The first two versions of Queriac were Rails-backed webservices with all the javascript commands stored in a postgres database. A simple bookmarklet would capture input from the browser's URL bar, assemble a query to the webservice, generate a script tag in the current window's DOM, and inject the response into the script tag to be eval
ed. This was always pretty easy to set up in hippie browsers like Firefox and Opera. It was always possible to enable Queriac in stupid browsers like IE and Safari, but it required hacks and/or custom software. For a long time it was easy to set up Queriac in Chrome, but that's no longer the case. The "start page" for Chrome is not a regular web page any more, and you can't access its DOM.
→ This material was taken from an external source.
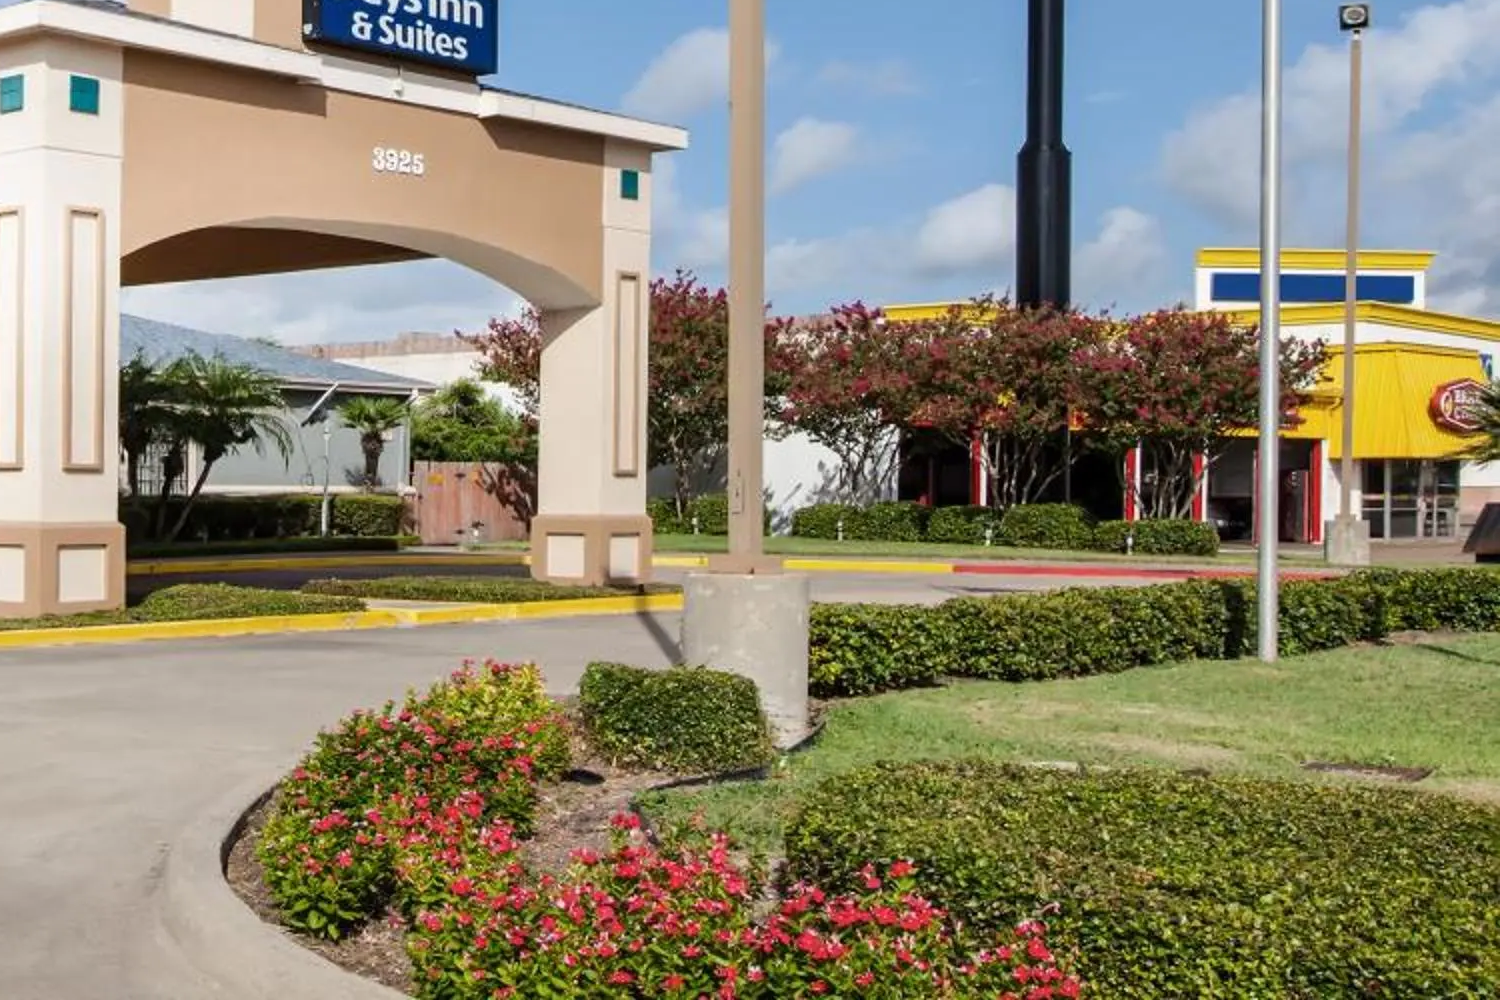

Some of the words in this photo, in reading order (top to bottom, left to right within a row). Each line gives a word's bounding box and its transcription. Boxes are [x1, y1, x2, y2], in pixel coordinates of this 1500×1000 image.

The current almost-but-not-quite-working version of Queriac is quite different. It's a GitHub-backed browser extension that executes javascript not from the URL bar but from within web pages. When you first use the extension, you point it at a GitHub repo. The extension then fetches the javascript files in that repo using the GitHub contents
API, then stores the commands in a key-value object in the extension's local storage, which is not scoped per domain like regular localStorage
. The extension throttles its requests to the GitHub API to avoid getting blocked.
The extension generates HTML and CSS for an Alfred-esque input widget, then injects it into every page you view, defaulting to a hidden state. Some keyboard action (currently double-tapping the shift key) reveals this input in the middle of the current webpage. The commands are all cached in local storage, so execution is much faster. No more round trip to the webservice, and no more privacy concerns about accidentally sharing your query history with the prying eyes of Zeke or whomever hacks Zeke's service.
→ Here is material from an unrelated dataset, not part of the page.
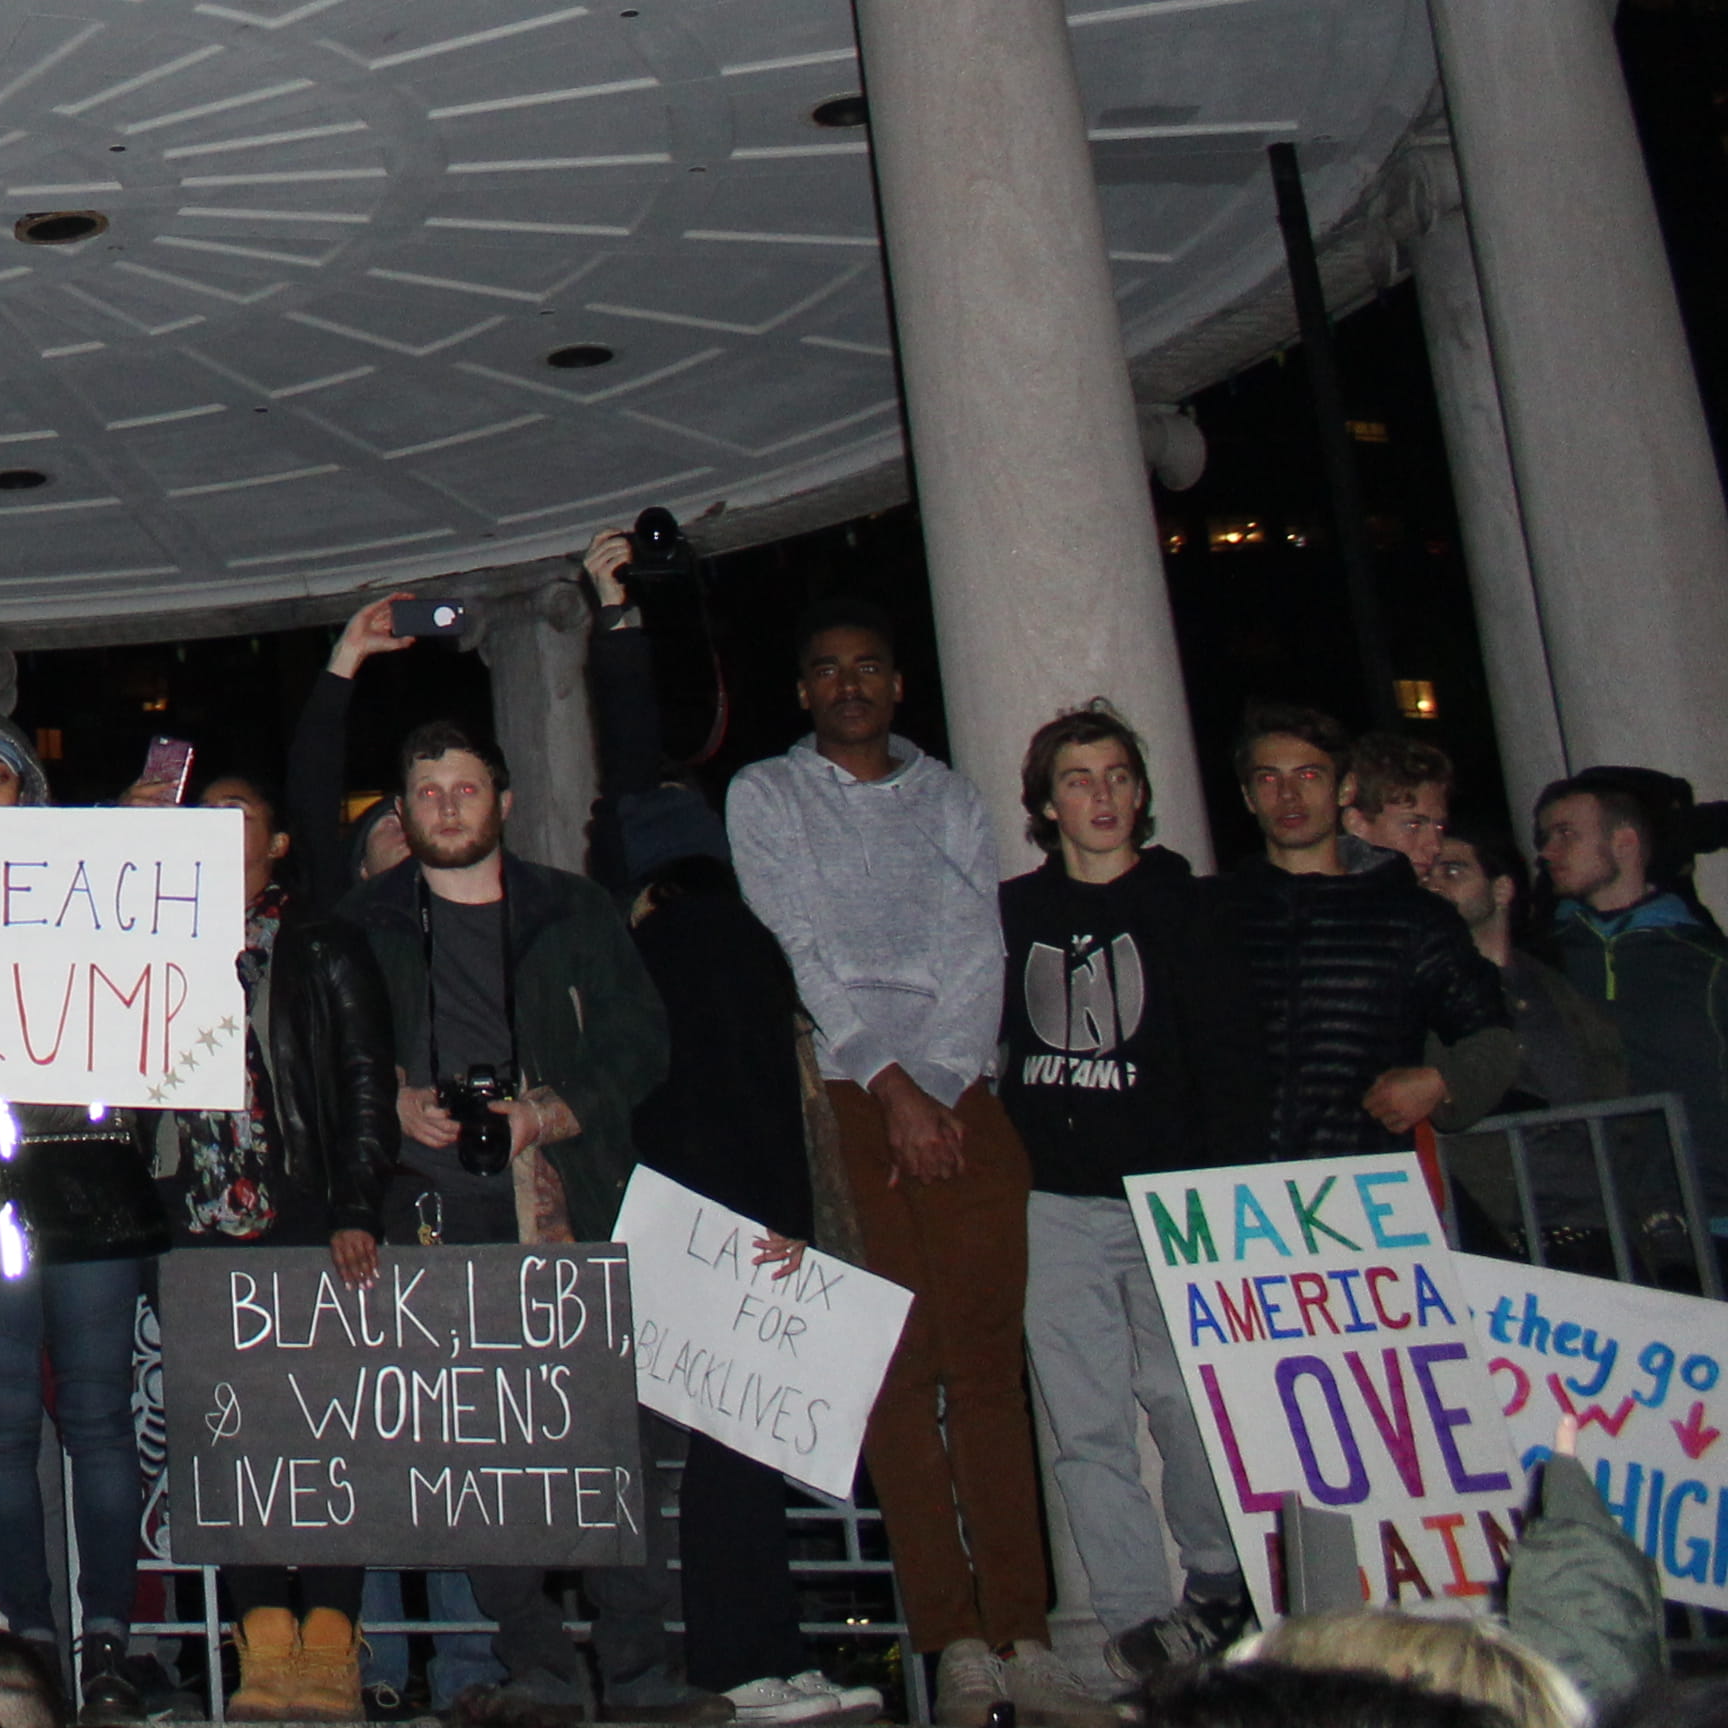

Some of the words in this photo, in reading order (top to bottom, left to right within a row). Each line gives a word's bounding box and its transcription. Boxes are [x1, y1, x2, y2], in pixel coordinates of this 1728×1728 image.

The extension is written using the Crossrider API, an abstraction that makes it possible to write the extension once and build it for Chrome, Firefox, and IE. The development setup is using Browserify, a tool without which an extension this complicated would be hell to write.
So, the main benefits of the new design are:
$EDITOR
instead of <textarea>
But: This new approach may not work on sites like github.com and npmjs.com with a content security policy (CSP) that disallows eval
. Most sites don't have these, but for security reasons they usually should. A proliferation of sites with CSPs might be a death knell for queriac-esque tools.
When I last worked on this in September 2014 at NodeConf EU, I got the new version Working on My Machine™, but I think it has my github repo URL hard-coded into the extension code. The next step was to make that into an configuration option in the extension, but I didn't get to it. Being a father means I don't have much spare time to hack on side projects like this any more, but I just might make the time, knowing that at least one other person cares to see this project live on :)
Great summary, @zeke, thank you!
So the new design sounds great. Being GH backed is great, and the privacy is as well (not that I ever doubted your altruistic nature).
It sounds like the two major issues are:
This new approach may not work on sites like github.com and npmjs.com with a content security policy (CSP) that disallows eval.
and
Being a father means I don't have much spare time to hack on side projects like this any more
The first is a technical issue that may or may not have a solution (whether it's apparent right now or not). I say we keep moving forward despite this issue. It's better to have something working on 99% of the sites than nothing that works on 100%.
The second issue, well, I totally get it. What's the minimum that needs to happen to get Queriac in a working state for other users? If we can get to that point, it will probably be easier to recruit helpers and, thus, eliminate you or any one person as the bottle neck.
Say hi to Cosmos for me :)
@zeke I have been watching and waiting for this project since the 2014 Node Conf. Glad to hear its still in play. To second @rwdaigle happy to contribute.
One of my interests in the projects is the advent of services like zenBoard.io and any.do that use extensions to inject features into established services and UIs.
Queriac holds such promise, and I miss it dearly. @zeke, bring it back (or at least let us know what your current state of mind is).